"New" colours possible?
null at 127.0.0.1
Thu Nov 1 04:44:18 EST 2001
"Wordsmith" <wordsmith at rocketmail.com> wrote in message
news:cddcc385.0110311016.46a0e76c at posting.google.com...
> bbruner at uclink4.berkeley.edu (Bob) wrote in message
news:<3bdf63b3.34218494 at agate.berkeley.edu>...
> > On Tue, 30 Oct 2001 22:08:44 +0100, "Urs Enke" <urs.enke at web.de>
> > wrote:
> > >For some years now I've wondered
> > >-- whether the (red-green-blue-mixable) colours we know are all there
> > >this universe, and if not,
> > >-- whether it might be possible to neurologically change the visual
> > >(or whatever necessary) to create the sensation of other colours, and
> > >-- whether there has been any research suggesting that other animals
> > >actually seeing different colours than we do.
> > >
> > Just to add a brief comment to all the good stuff already posted...
> > Apparently two different "red" receptors are known in humans, with
> > slightly different wavelength responses.
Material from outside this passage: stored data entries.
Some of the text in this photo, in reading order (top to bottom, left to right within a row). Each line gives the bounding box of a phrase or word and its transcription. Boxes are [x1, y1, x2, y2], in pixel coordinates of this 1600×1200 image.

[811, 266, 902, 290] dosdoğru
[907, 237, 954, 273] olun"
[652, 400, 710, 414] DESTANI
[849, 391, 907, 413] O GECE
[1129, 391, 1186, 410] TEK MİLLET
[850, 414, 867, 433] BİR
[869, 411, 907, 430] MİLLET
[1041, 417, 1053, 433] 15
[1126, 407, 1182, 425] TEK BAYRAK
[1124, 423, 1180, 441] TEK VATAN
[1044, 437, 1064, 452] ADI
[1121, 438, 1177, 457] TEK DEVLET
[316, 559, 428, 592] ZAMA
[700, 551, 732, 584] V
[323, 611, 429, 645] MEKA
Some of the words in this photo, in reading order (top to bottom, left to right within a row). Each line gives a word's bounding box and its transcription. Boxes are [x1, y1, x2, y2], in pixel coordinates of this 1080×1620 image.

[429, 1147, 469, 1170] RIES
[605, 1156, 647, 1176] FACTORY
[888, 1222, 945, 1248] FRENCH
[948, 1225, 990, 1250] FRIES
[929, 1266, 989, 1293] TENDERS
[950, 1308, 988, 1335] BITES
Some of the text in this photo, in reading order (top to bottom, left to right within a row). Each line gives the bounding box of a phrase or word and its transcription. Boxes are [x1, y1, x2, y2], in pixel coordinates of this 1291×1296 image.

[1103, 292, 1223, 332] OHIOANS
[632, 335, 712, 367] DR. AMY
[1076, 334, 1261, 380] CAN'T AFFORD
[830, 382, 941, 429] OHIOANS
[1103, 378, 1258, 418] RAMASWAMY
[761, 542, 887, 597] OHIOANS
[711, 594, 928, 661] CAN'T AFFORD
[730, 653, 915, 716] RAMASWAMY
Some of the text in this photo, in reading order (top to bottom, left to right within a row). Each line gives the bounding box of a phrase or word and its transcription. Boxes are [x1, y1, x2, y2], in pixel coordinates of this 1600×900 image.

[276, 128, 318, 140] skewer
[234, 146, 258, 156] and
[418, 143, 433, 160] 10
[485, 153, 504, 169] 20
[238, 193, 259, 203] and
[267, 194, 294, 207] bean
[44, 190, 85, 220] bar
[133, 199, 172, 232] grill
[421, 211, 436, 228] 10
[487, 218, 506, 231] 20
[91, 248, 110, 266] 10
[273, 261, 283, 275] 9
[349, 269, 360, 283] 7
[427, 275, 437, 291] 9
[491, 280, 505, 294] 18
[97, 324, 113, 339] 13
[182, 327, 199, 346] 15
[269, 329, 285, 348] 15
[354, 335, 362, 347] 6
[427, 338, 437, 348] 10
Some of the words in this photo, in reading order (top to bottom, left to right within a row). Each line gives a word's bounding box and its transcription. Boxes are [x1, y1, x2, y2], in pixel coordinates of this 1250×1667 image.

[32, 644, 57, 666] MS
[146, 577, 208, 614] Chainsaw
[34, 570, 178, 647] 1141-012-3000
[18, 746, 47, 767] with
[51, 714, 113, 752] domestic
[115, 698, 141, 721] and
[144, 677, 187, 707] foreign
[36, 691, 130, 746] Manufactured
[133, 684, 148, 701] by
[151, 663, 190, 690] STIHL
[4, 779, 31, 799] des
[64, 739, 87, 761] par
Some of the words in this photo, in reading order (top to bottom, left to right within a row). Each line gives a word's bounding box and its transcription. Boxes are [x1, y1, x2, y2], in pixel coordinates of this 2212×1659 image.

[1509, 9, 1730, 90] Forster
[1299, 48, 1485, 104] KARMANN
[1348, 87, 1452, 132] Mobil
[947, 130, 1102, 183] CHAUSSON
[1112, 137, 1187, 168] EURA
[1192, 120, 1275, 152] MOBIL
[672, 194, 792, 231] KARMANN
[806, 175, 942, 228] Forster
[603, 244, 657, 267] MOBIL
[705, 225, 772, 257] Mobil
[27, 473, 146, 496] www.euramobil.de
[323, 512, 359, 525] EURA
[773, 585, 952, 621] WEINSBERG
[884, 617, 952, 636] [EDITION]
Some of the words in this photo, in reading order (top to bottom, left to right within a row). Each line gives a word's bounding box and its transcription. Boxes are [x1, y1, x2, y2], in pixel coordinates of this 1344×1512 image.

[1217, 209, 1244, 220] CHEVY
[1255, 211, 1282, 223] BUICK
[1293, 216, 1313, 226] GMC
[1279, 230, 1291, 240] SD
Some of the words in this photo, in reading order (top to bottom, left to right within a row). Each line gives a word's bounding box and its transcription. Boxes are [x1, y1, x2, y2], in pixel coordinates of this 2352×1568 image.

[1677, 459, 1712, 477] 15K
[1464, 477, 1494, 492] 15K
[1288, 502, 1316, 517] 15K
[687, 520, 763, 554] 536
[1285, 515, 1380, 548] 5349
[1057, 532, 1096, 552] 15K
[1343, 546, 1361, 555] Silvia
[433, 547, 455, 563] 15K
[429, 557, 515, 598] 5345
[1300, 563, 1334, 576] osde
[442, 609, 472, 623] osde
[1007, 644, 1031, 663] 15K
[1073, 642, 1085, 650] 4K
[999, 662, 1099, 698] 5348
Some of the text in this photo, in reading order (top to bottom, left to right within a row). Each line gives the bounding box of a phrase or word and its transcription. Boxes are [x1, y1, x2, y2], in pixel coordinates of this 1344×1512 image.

So, genetically determined,
> > different people see color differently. (I can probably find a
> > reference for that, if someone wants to look it up.)
> > bob
> There's a gender factor also. I've heard it said men are much more prone
> color-blindness than women. Is this a fable or is there meat on the bone?
It's true, but apparently colour-blindness is good for predatory animals.
Could this be why men are more likely to be colour-blind than women?
Colourful camouflage is less confusing to the colour-blind - so now
camouflage patterns must be tested by people with 'normal' vision, *and*
people who are colour-blind.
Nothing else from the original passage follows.